As an author and illustrator of children’s books, her habit of carrying one in her pocket, or on a chain round her neck, is a practical one. “Being in illustration — and having always been making and doing, or colouring or painting — anything that you wear on your hands or your wrists is liable to get ruined instantly,” says Ms Dolan, who lectures at the Cambridge School of Art.
She is interested primarily in the personal history of a watch rather than its maker. “It’s the knowing that somebody’s owned it before and it’s had a bit of a life,” she says. “I’ve never bought a modern watch because they don’t hold the same appeal.”
Ladies’ open face Camerer Kuss & Co (late Victorian)
Her favourite pocket watch “feels like it’s been through the mill” thanks to the pawnbroker marks scratched on the back, along with horologist marks telling of its service history.
Ms Dolan chose the piece, an 18th birthday present from her parents, at a collectors’ fair, pairing it with a gold double Albert chain (which runs from buttonhole to pocket) from the same stall. But the asking price was too high, so her mum had to play “a cunning long game” to get the dealer to accept a lower sum. “I think that was the first moment that I stopped seeing my mother as my mother but as a proper person, a very clever person,” she says.
She wore the yellow gold watch, which has a “detailed and lavish” case engraved with a rose and leaf motif, to her graduation ceremony.
Ladies’ open-face Waltham (late 1800s)
After Ms Dolan decided that she wanted to mark every major birthday with a watch, her now husband bought her a US-made rose gold Waltham for her 21st.
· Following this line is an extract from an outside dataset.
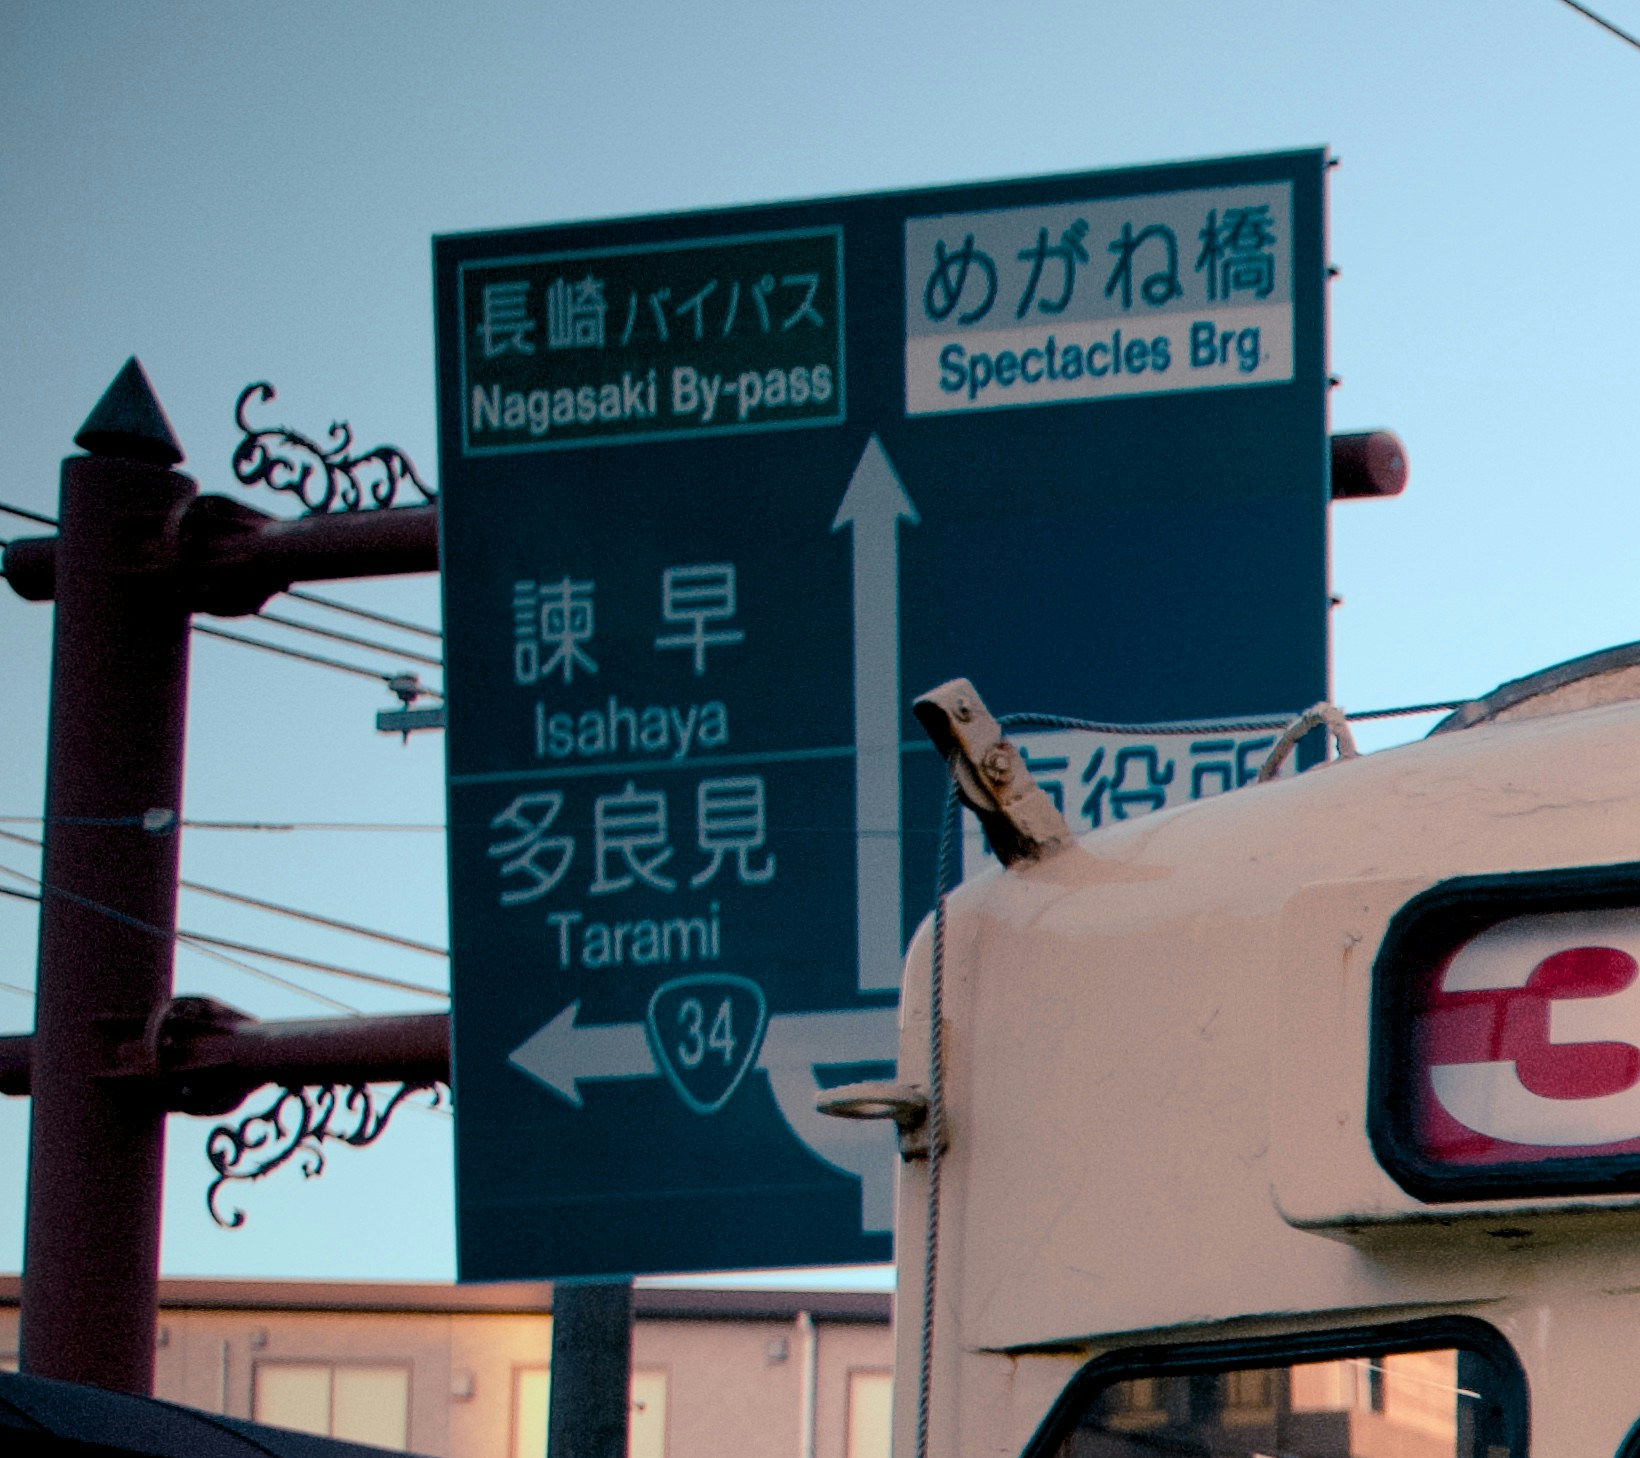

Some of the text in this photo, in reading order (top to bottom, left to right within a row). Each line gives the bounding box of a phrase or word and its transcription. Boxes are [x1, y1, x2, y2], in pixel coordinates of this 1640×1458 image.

She wore the delicate piece, which is about the size of a 10 pence coin, on a chain round her neck for the launch of her first book, 2013’s Weasels. “I sat there the 10 minutes before the doors opened . . . rubbing this watch thinking, ‘Oh God, I really hope this whole thing works out’,” she says.
Ladies’ half hunter (Victorian/Edwardian)
Before Weasels was published, Ms Dolan came second in the 2011 Macmillan Prize for children’s picture book illustration. Then a student, she spent her winnings on a silver half hunter, a pocket watch with a glass panel in the outer casing that allows the wearer to see the hands.
“I did pay my rent that month but I did have to live on beans for a little while afterwards,” she says. “But it was worth it.”
Men’s open-face James Wadsworth (1903)
Ms Dolan finds a pocket watch more compelling than a wristwatch because it is “like a kit” in that it has accompanying accessories such as a chain, T-bar to attach it to a button hole and a fob.
Her husband wore her silver Wadsworth on their wedding day in 2017 on a silver single Albert graduated chain that she had bought when she was 16.
Her father-in-law gave Ms Dolan the watch shortly before the marriage. It had been presented to his grandfather to mark 27 years of service at John Marston, the manufacturer of the Sunbeam bicycle.
“I was very, very touched to be given this piece of family history to take care of,” says Ms Dolan.
Glass ball watch (1800s)
She was thrilled to find an unusual silver glass ball watch at an antiques fair five years ago. She likes being able to see the mechanism on one half of the piece without having to open it up, and the face on the other.
A silver band is inscribed with a date. “I’ve got no idea what it relates to, nor who owned this watch beforehand, but I really want to know what happened on the 7th September 1893,” says Ms Dolan, who wears the watch on a chain like a necklace. “It’s like the beginning of a story.”
She thought she had bagged a bargain. However, giving the £50 watch a quick wind back at her car, the crown came away in her hand and “the whole thing fell to bits”. “It had obviously been put together just long enough to sell it,” she says. The dealer, meanwhile, had “disappeared off into the ether”. She has since had the watch repaired.
She finds collecting rather addictive, but she will never sell her existing pieces to fund her habit. “I’m far too much of a hoarder to ever let them go,” she says. “It’s like you’re suggesting that I sell my children.”